Arianna Huffington, the charismatic and self-invented founder of the Huffington Post, is stepping down as the site's editor-in-chief to build a new site around the concepts of health and wellness.

The move comes a few weeks after the Huffington Post's parent company, Verizon, acquired the fading digital powerhouse Yahoo.

Huffington ascribed her departure to the desire to pursue her separate and new initiative, called Thrive Global, built around the concepts of wellness and striking a balance between work and personal realms.

"I've become more and more passionate — okay, obsessed — with burnout and stress and how we can reduce their impact on our lives," Huffington wrote in a memo to staff. "One of the Thrive principles is knowing when it's time for a new chapter to begin."

She had earlier come in for criticism for leveraging her site to promote her book on the same subject.

At its founding in 2005, Huffington Post was built on the luster of unpaid celebrity bloggers and the sweat of lightly paid junior journalists who aggregated, condensed and lightly rewrote coverage from other news sites around the world. The site took a distinctively liberal cast, built on the embers of opposition to the invasion of Iraq in 2003. It also figured out how to generate traffic and clicks in the era just before social media, becoming one of the most popular news sites in the country. Over time, Huffington Post added dozens of original reporters who wrote on politics, social protest, entertainment, drug use, war and other topics.

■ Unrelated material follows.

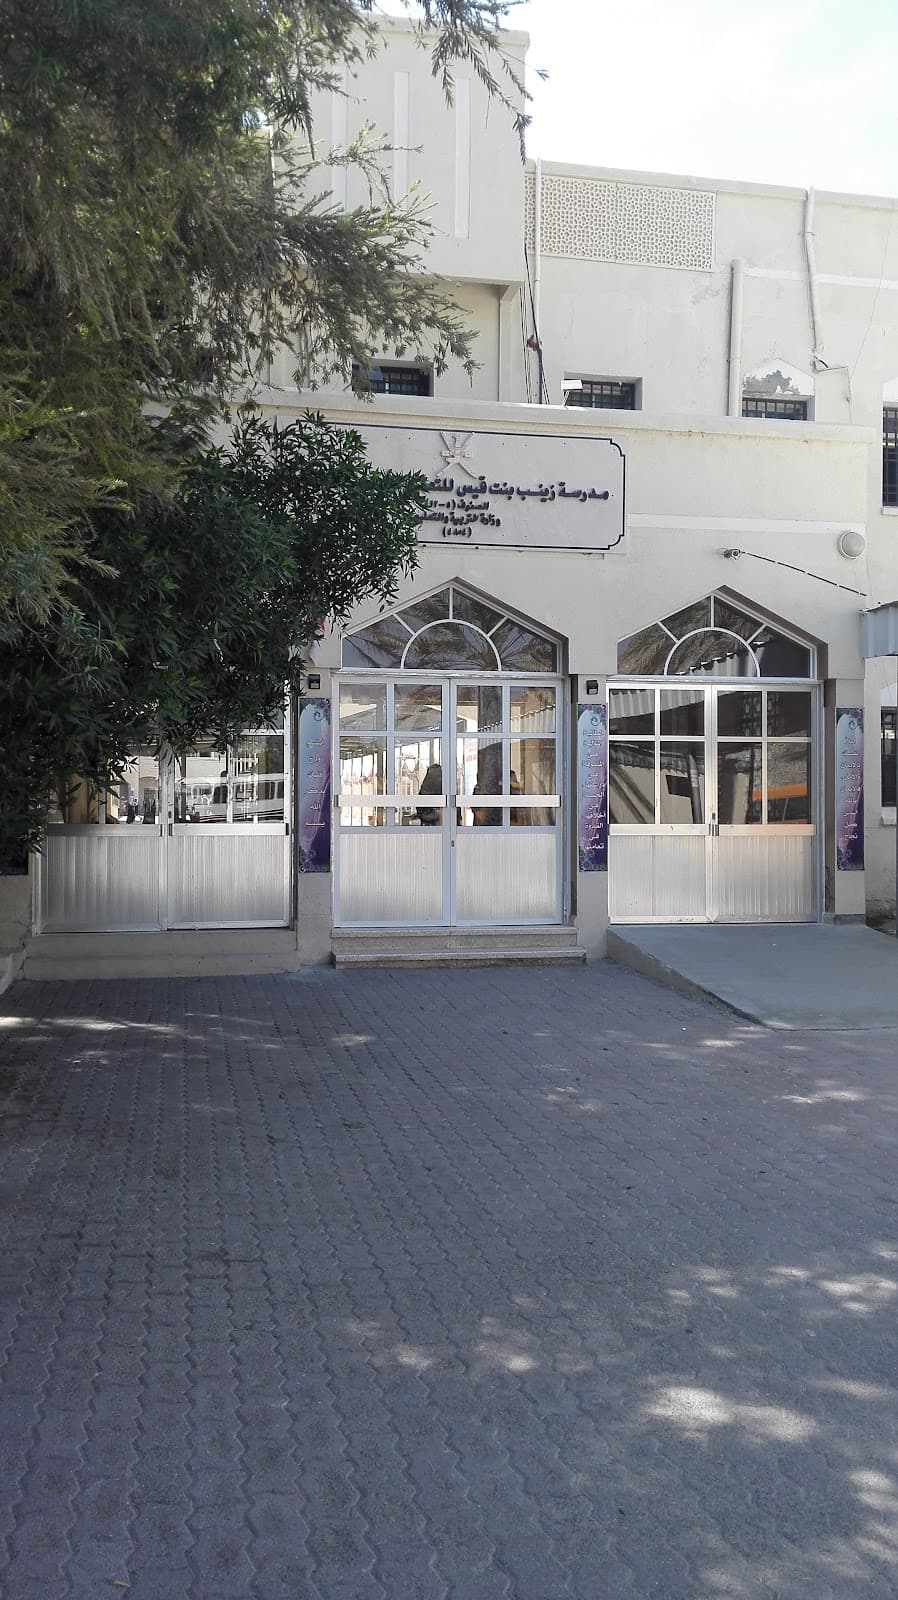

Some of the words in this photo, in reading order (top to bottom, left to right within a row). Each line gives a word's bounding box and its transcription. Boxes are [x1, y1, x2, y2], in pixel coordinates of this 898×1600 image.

Huffington scored a fortune when AOL bought the the site for $315 million in 2011, at which point Huffington was given the title of editor-in-chief of AOL. Verizon in turn acquired AOL last year. The sale of Yahoo to Verizon this summer, as the telecommunications giant sought to add digital content capability, cast into relief the questions of the role Huffington would play and the status of Huffington Post as a distinct brand.

On Thursday, Huffington said the Yahoo deal did not inform her decision to leave, which took staffers by surprise. The site's CEO, Jared Grusd, told staffers the Huffington Post would continue to focus on news and politics, as well as Huffington's own interests on wellness and a balanced lifestyle, according to reports from the site's own media reporter, Michael Calderone.

Last year, Huffington told NPR that the media chooses to "focus mostly on bad news — crazies, rapes, mayhem." At that time, she announced a new focus of Huffington Post on good news and solutions.